Shaykh Mustafa Abd ar-Rizq () (1885 – 15 February 1947) was an Egyptian Islamic philosopher.

Early life 
He was born in Abu Jirj, Minya Governorate.

Career
Abd ar-Rizq succeeded Mustafa al-Maraghi as rector of al-Azhar. His appointment encountered resistance, since he was not a member of the Council of Supreme ulama: King Farouk pressured for the law to be altered to allow him to assume office.
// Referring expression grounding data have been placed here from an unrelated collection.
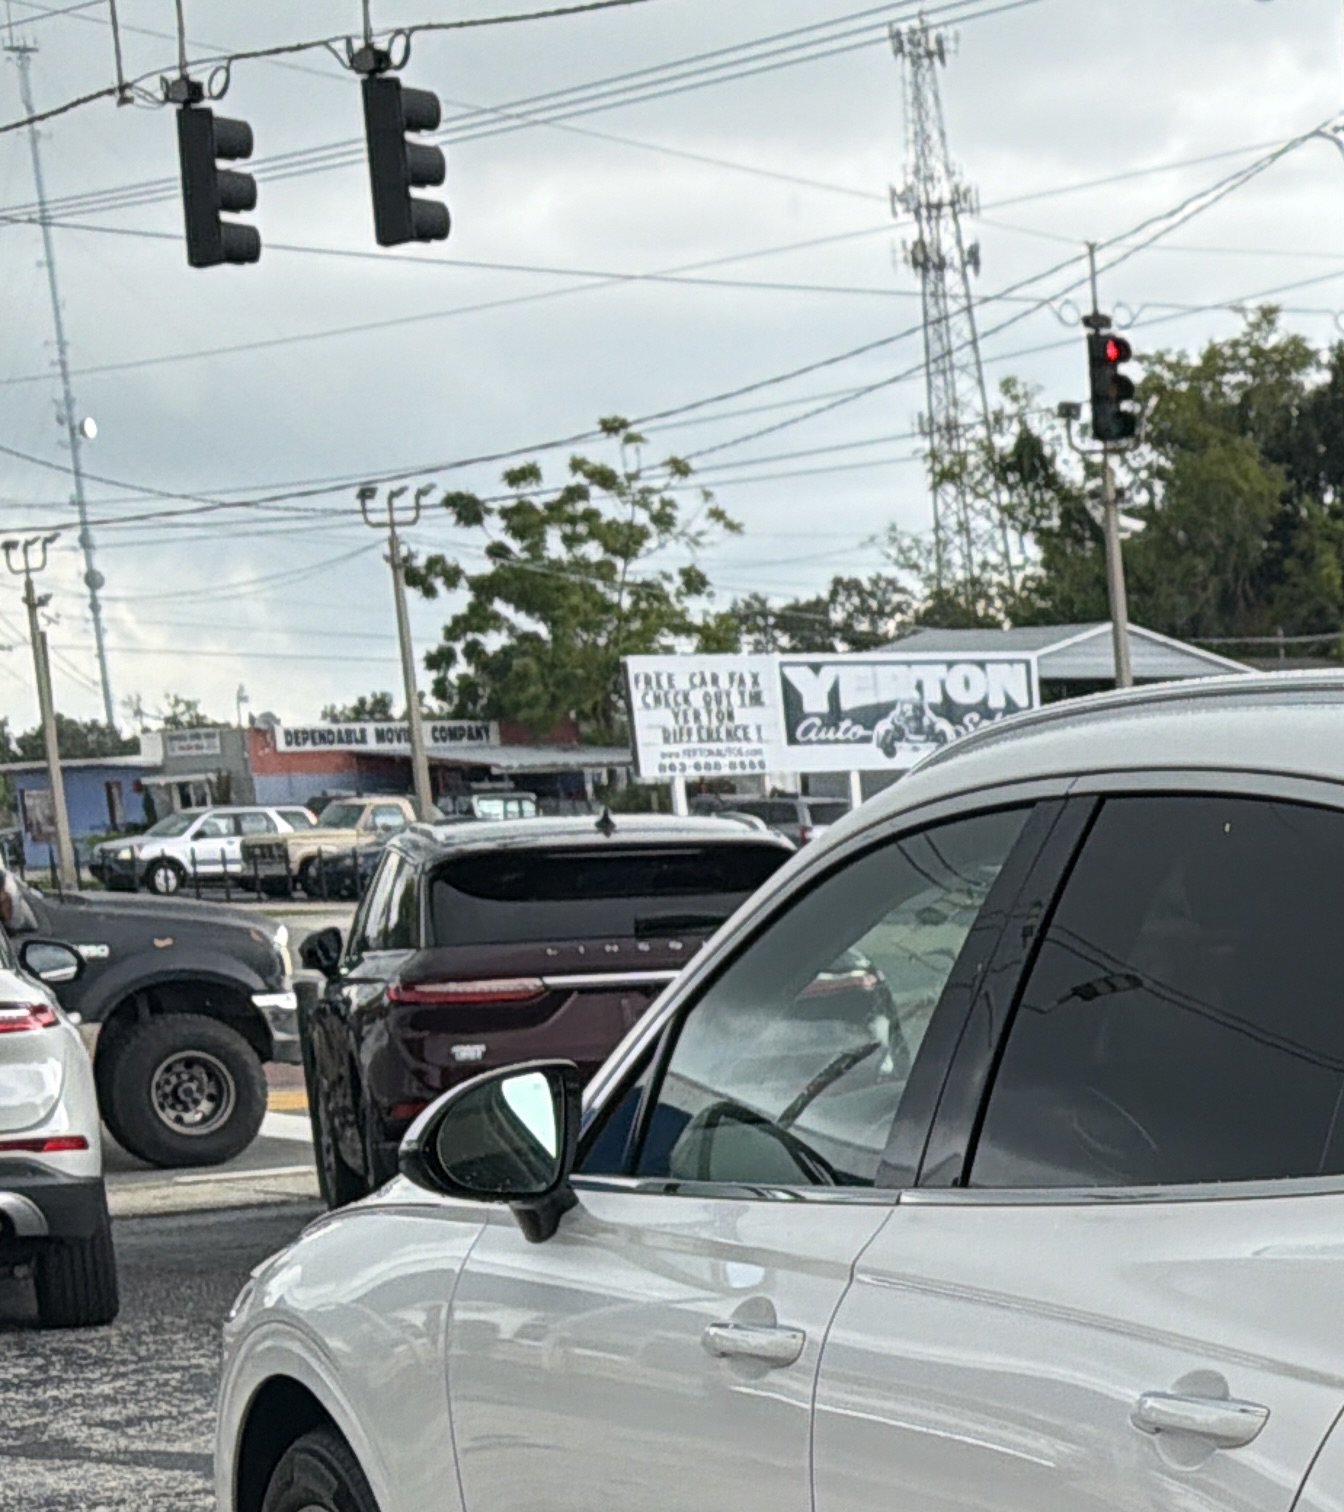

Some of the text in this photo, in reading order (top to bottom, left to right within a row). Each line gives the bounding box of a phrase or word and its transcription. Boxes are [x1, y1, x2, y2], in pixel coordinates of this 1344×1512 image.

[633, 671, 675, 690] FREE
[781, 663, 1029, 714] YERTON
[641, 689, 691, 710] CHECK
[702, 690, 733, 708] OUT
[671, 706, 735, 725] YERTON
[284, 727, 368, 747] DEPENDABLE
[431, 724, 490, 744] COMPANY
[795, 717, 868, 742] Auto
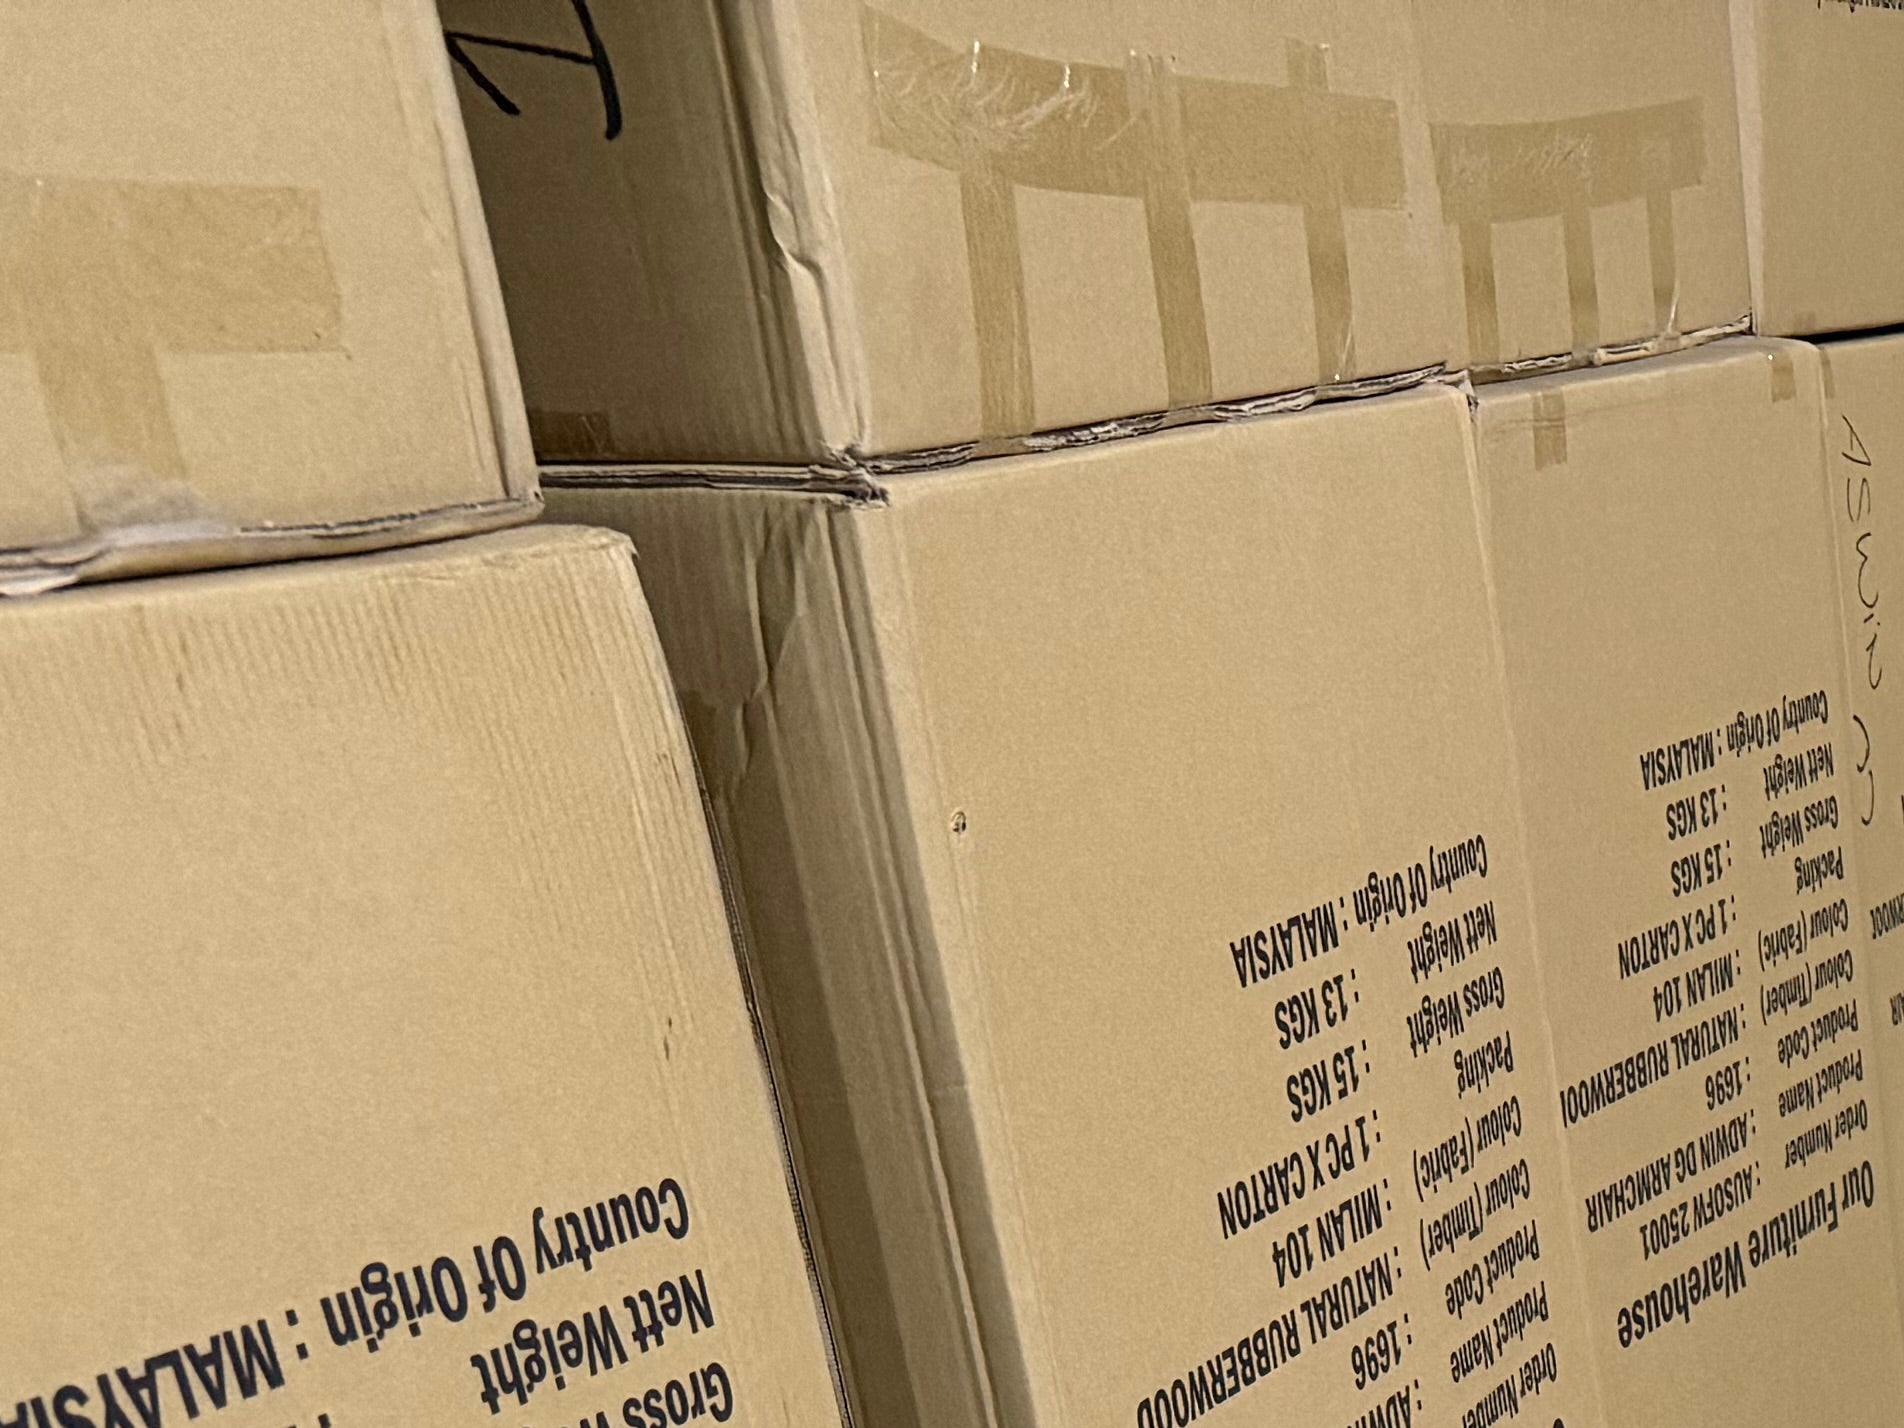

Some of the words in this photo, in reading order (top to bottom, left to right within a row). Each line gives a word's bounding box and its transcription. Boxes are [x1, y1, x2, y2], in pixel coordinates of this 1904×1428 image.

[1725, 710, 1764, 757] Origin
[1766, 706, 1780, 746] Of
[1782, 689, 1827, 733] Country
[1639, 729, 1714, 790] MALAYSIA
[1407, 862, 1427, 913] Of
[1429, 834, 1487, 893] Country
[1794, 846, 1843, 895] Packing
[1351, 871, 1406, 931] Origin
[1695, 903, 1715, 944] PC
[1717, 897, 1727, 934] 1
[1228, 900, 1338, 987] MALAYSIA
[1617, 919, 1680, 979] CARTON
[1681, 912, 1693, 951] X
[1462, 966, 1504, 1016] Gross
[1405, 990, 1464, 1057] Weight
[1286, 1059, 1331, 1121] KGS
[1332, 1044, 1358, 1099] 15
[1784, 1118, 1833, 1169] Number
[1834, 1098, 1867, 1139] Order
[1485, 1157, 1529, 1216] Colour
[1693, 1163, 1751, 1231] AUSOFW
[1841, 1159, 1873, 1211] Our
[531, 1178, 688, 1273] Country
[1417, 1182, 1483, 1270] (Timber)
[1639, 1200, 1689, 1260] 25001
[1747, 1180, 1838, 1267] Furniture
[472, 1235, 525, 1312] Of
[1300, 1251, 1391, 1344] NATURAL
[1618, 1240, 1746, 1347] Warehouse
[320, 1256, 467, 1352] Origin
[1492, 1280, 1547, 1356] Product
[1448, 1324, 1494, 1383] Name
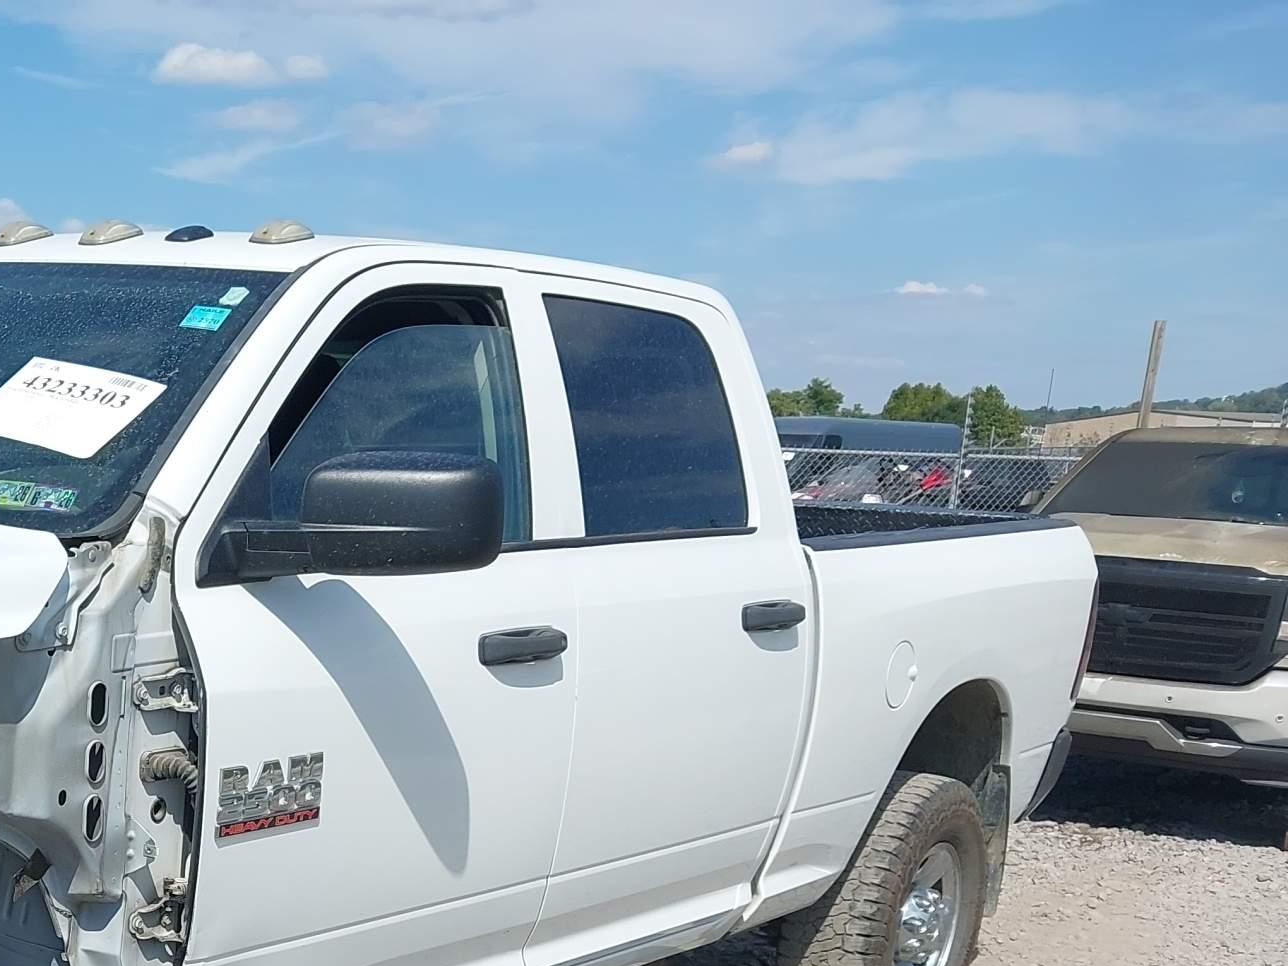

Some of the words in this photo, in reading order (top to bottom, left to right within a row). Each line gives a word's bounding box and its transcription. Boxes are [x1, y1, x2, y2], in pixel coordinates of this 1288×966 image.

[22, 375, 131, 408] 43233303
[219, 752, 324, 794] RAM
[216, 778, 323, 825] 2500
[220, 816, 275, 837] HEAVY
[274, 808, 318, 826] DUTY
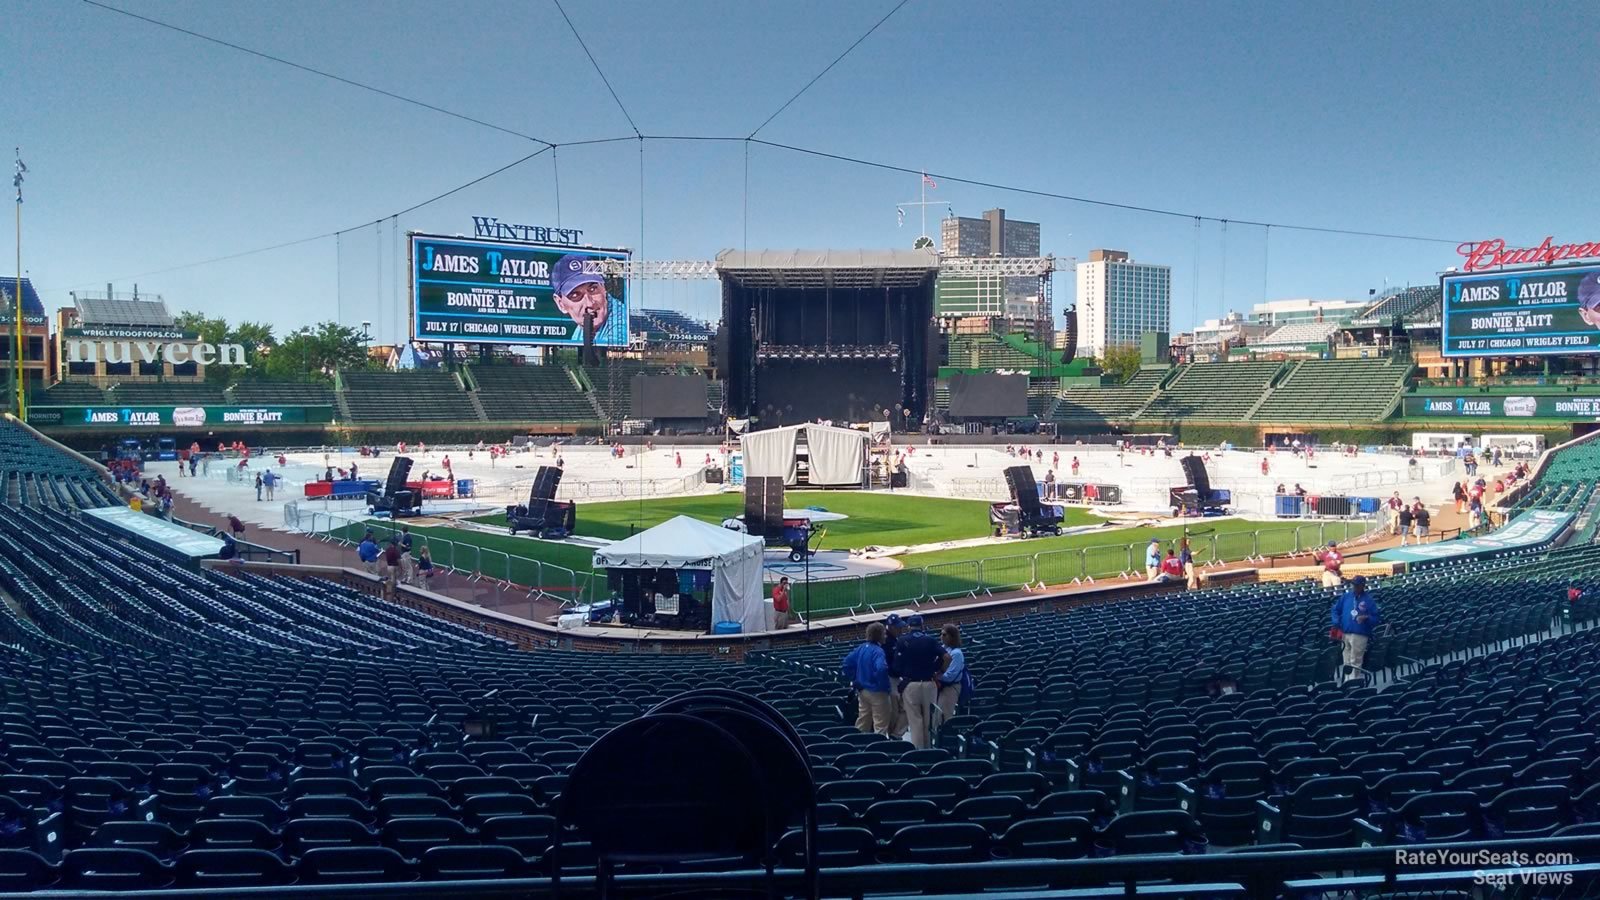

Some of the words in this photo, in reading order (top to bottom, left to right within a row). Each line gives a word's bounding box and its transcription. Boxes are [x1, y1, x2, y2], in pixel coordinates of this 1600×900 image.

[472, 216, 583, 245] WINTRUST
[447, 292, 494, 308] BONNIE
[498, 295, 537, 310] RAITT
[426, 321, 447, 332] JULY
[450, 322, 458, 332] 17
[464, 322, 498, 333] CHICAGO
[503, 324, 541, 335] WRIGLEY
[543, 325, 567, 336] FIELD
[1471, 316, 1513, 329] BONNIE
[1516, 314, 1553, 327] RAITT
[82, 329, 183, 339] WRIGLEYROOFTOPS.COM
[1458, 340, 1476, 349] JULY
[1478, 340, 1485, 348] 17
[1490, 338, 1521, 348] CHICAGO
[1526, 336, 1563, 346] WRIGLEY
[1565, 335, 1590, 345] FIELD
[66, 340, 248, 365] nuveen
[1556, 402, 1590, 412] BONNIE
[224, 412, 255, 421] BONNIE
[257, 412, 282, 421] RAITT
Historian Fawaz Gerges characterized ar-Rizq as a "rebel member of al-Azhar" during his era.

A follower of Muhammad Abduh, Abd ar-Rizq wanted "to prove the compatibility of traditional Islamic philosophy with the rationalism of modern thought".

His brother, Ali Abdel Raziq, was an Egyptian scholar of Islam, religious judge and government minister.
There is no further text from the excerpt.